Begin at the line below that contains "this 2560×1440 image.". Repeat it and all remaining lines of the records exactly.
═════ STORED DATA ═════
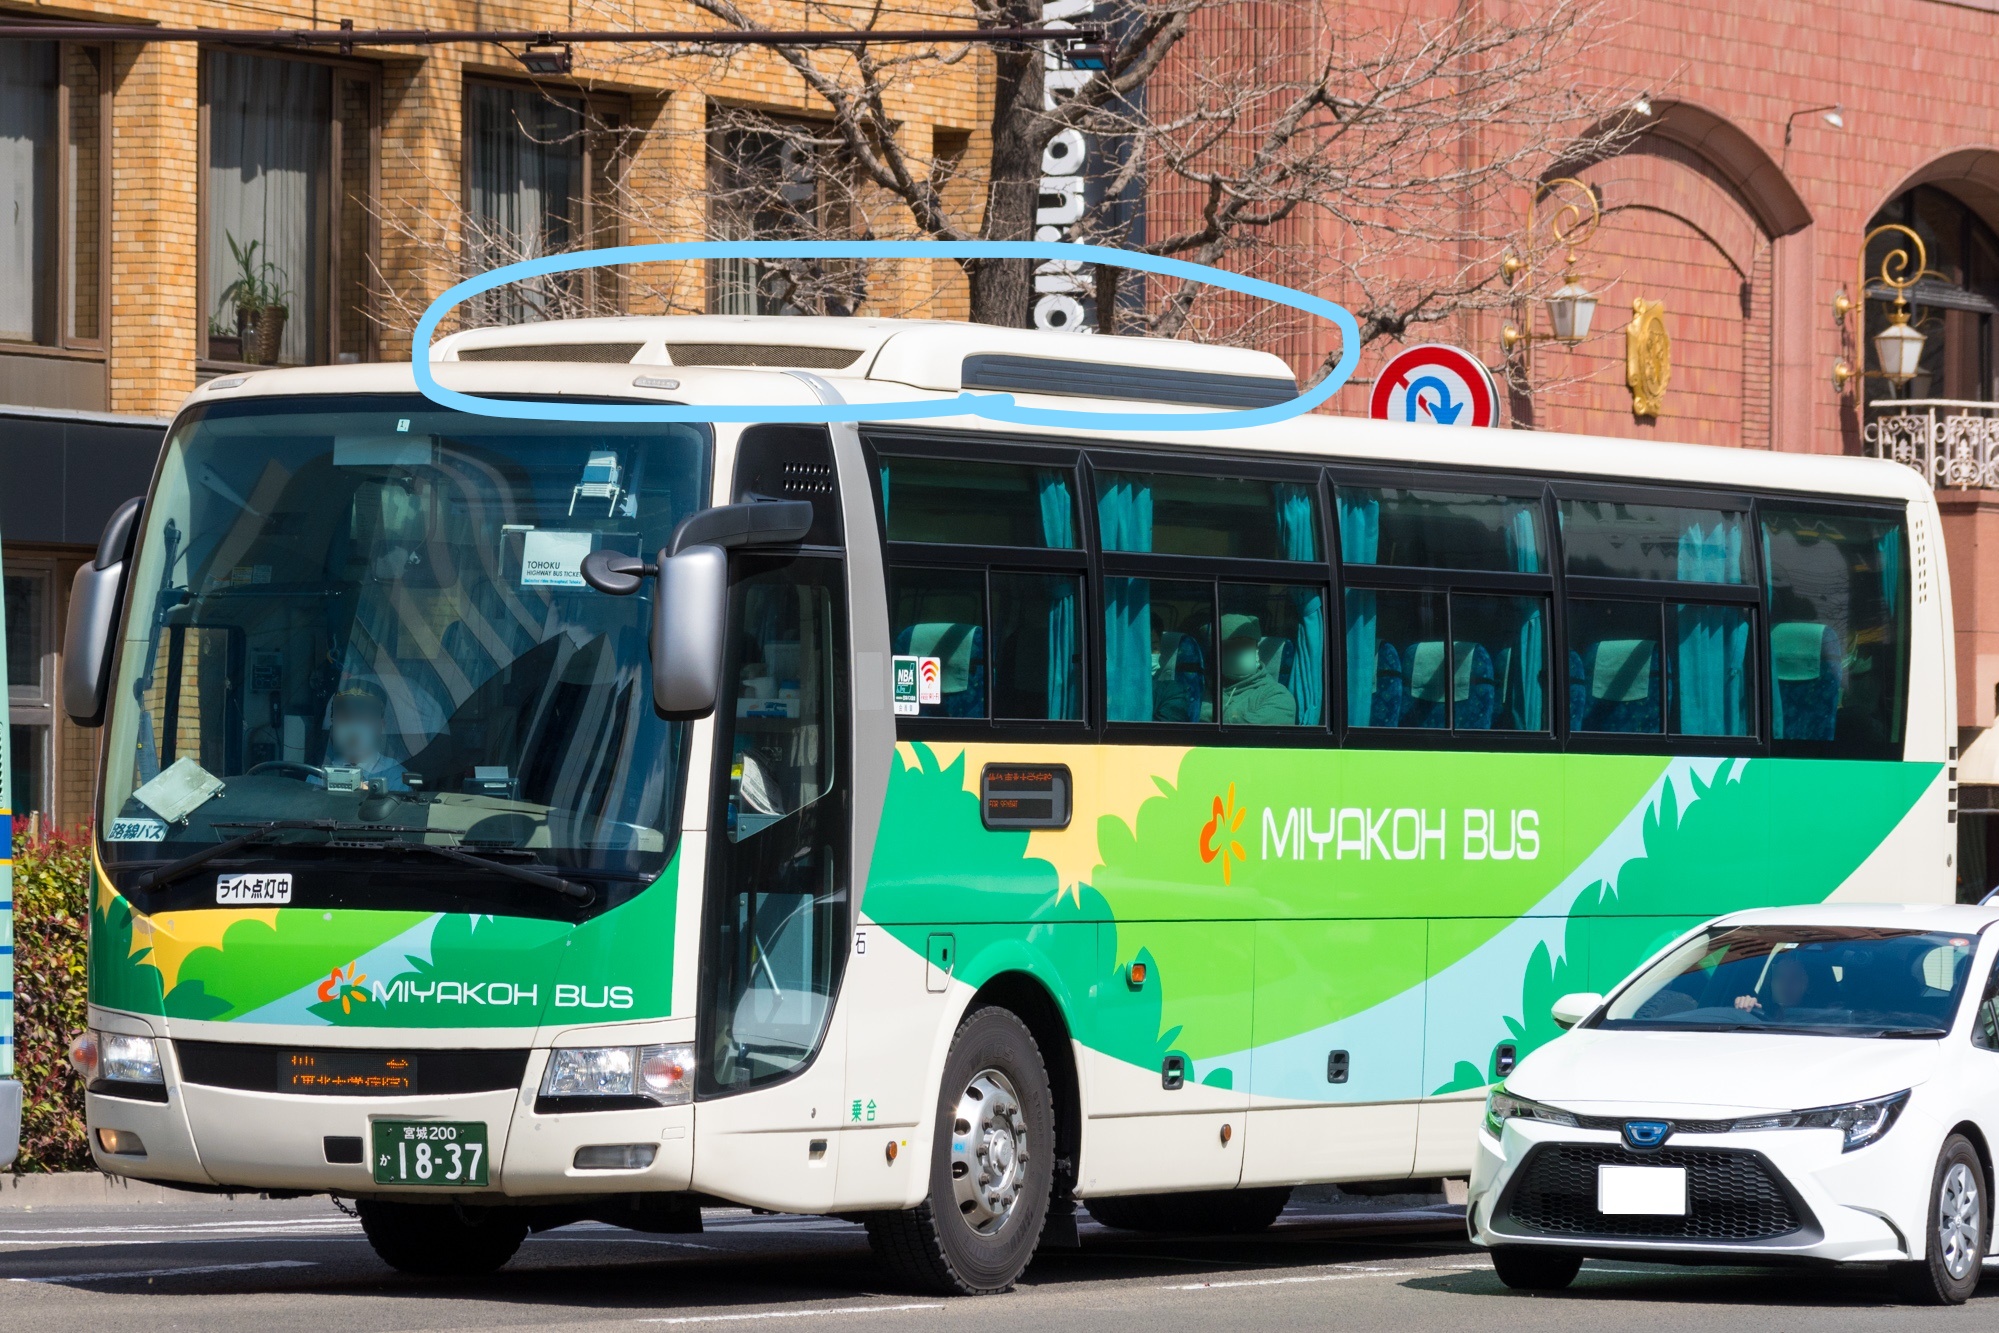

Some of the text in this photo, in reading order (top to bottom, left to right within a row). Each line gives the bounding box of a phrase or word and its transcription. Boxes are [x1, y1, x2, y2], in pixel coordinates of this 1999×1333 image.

[1034, 0, 1094, 333] cDonald
[527, 561, 560, 569] TOHOKU
[898, 669, 913, 682] NBA
[109, 823, 163, 840] 路線バス
[1262, 807, 1540, 860] MIYAKOH BUS
[220, 878, 289, 899] ライト点灯中
[856, 932, 866, 954] 石
[372, 980, 634, 1009] MIYAKOH BUS
[852, 1099, 877, 1122] 乗合
[380, 1142, 482, 1180] か 18-37
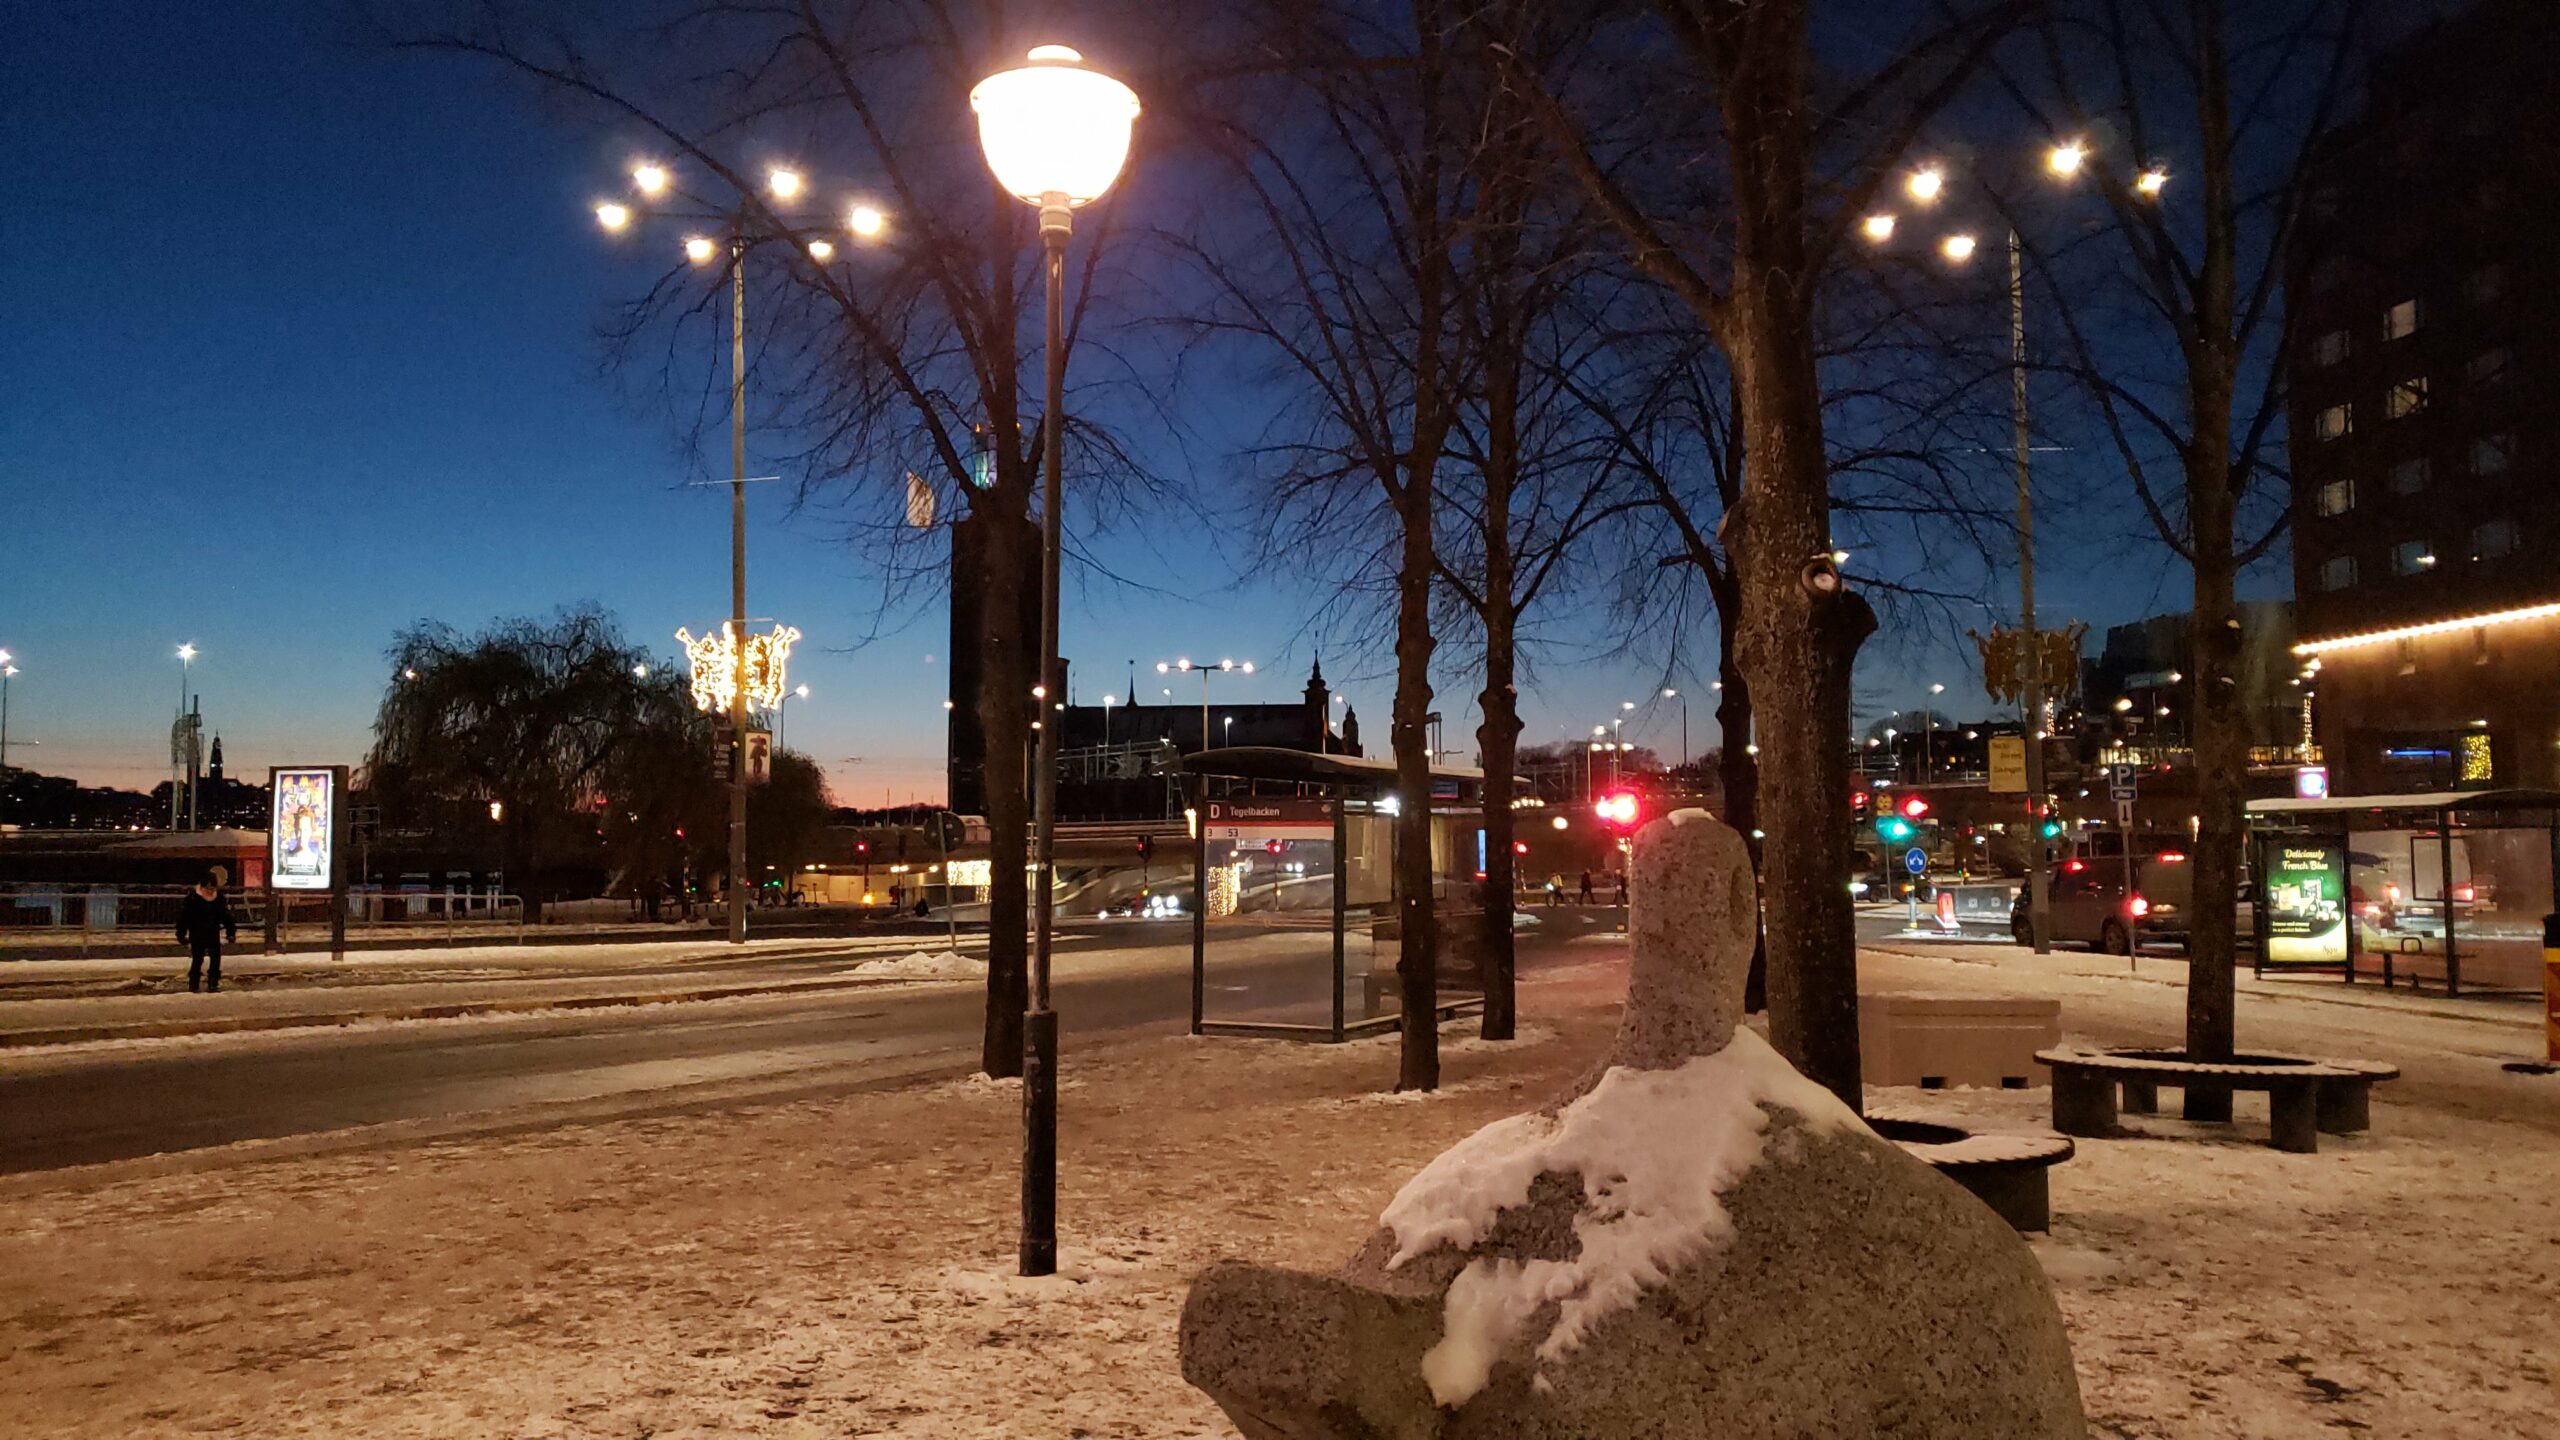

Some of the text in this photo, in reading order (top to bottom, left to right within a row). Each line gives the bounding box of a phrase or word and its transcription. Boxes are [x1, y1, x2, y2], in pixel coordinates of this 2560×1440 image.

[2117, 766, 2130, 785] P
[1210, 804, 1279, 818] D Tegelbacken
[1228, 828, 1239, 837] 53
[2284, 849, 2325, 860] Deliciously
[2282, 860, 2329, 870] French Blue
═════
§ SOLUTION FOR THIS EXERCISE
Some of the text in this photo, in reading order (top to bottom, left to right within a row). Each line gives the bounding box of a phrase or word and its transcription. Boxes are [x1, y1, x2, y2], in pixel coordinates of this 2560×1440 image.

[2117, 766, 2130, 785] P
[1210, 804, 1279, 818] D Tegelbacken
[1228, 828, 1239, 837] 53
[2284, 849, 2325, 860] Deliciously
[2282, 860, 2329, 870] French Blue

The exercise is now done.